-- Exercise material follows --
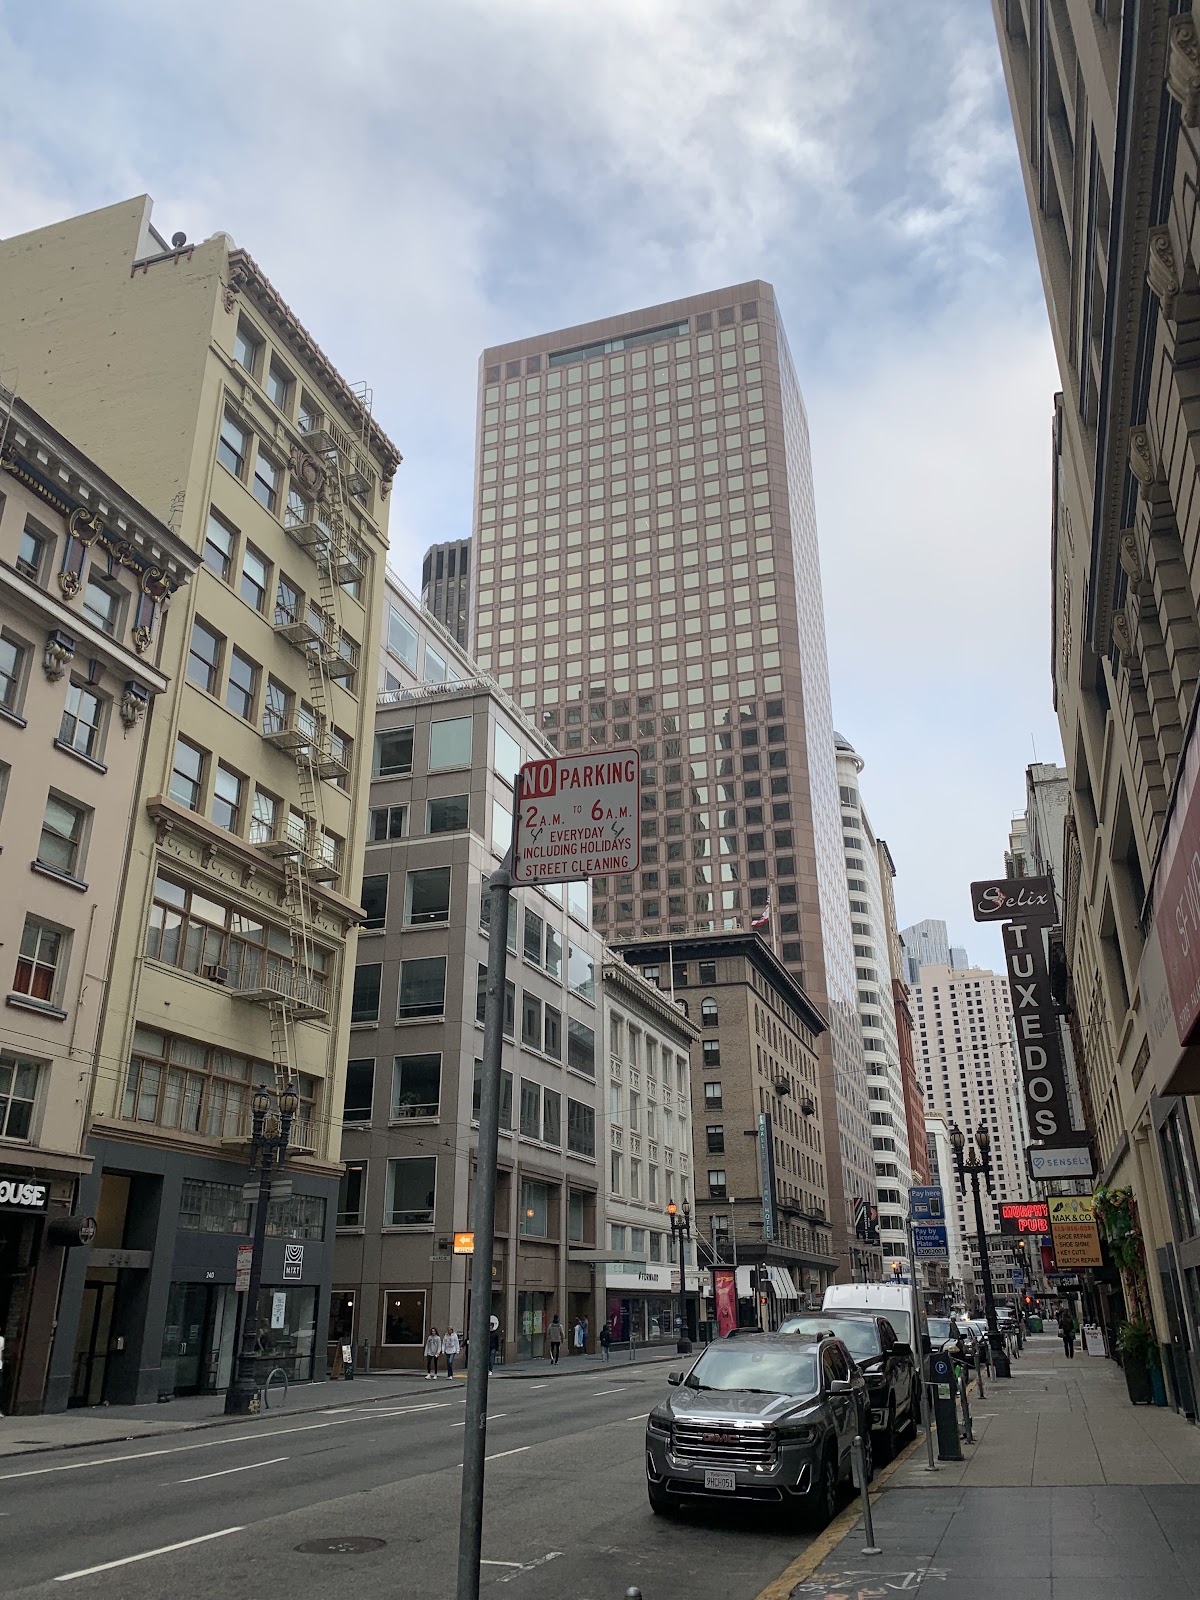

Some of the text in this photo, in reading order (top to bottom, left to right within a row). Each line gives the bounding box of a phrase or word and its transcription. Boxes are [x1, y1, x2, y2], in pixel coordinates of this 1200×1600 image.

[523, 760, 635, 796] NO PARKING
[573, 805, 582, 814] TO
[550, 826, 605, 843] EVERYDAY
[523, 838, 632, 860] INCLUDING HOLIDAYS
[525, 855, 629, 877] STREET CLEANING
[977, 886, 1049, 913] Selix
[1008, 924, 1058, 1136] TUXEDOS
[1047, 1157, 1090, 1167] SENSELY
[911, 1189, 940, 1198] Pay here
[1052, 1214, 1071, 1222] MAK
[1079, 1213, 1094, 1221] CO.
[927, 1227, 937, 1235] by
[1018, 1218, 1048, 1232] PUB
[285, 1266, 300, 1275] MIXT
-- Exercise material concluded --
Exercise prompt: Reproduce the material word for word, minus the images.

Written response:
Some of the text in this photo, in reading order (top to bottom, left to right within a row). Each line gives the bounding box of a phrase or word and its transcription. Boxes are [x1, y1, x2, y2], in pixel coordinates of this 1200×1600 image.

[523, 760, 635, 796] NO PARKING
[573, 805, 582, 814] TO
[550, 826, 605, 843] EVERYDAY
[523, 838, 632, 860] INCLUDING HOLIDAYS
[525, 855, 629, 877] STREET CLEANING
[977, 886, 1049, 913] Selix
[1008, 924, 1058, 1136] TUXEDOS
[1047, 1157, 1090, 1167] SENSELY
[911, 1189, 940, 1198] Pay here
[1052, 1214, 1071, 1222] MAK
[1079, 1213, 1094, 1221] CO.
[927, 1227, 937, 1235] by
[1018, 1218, 1048, 1232] PUB
[285, 1266, 300, 1275] MIXT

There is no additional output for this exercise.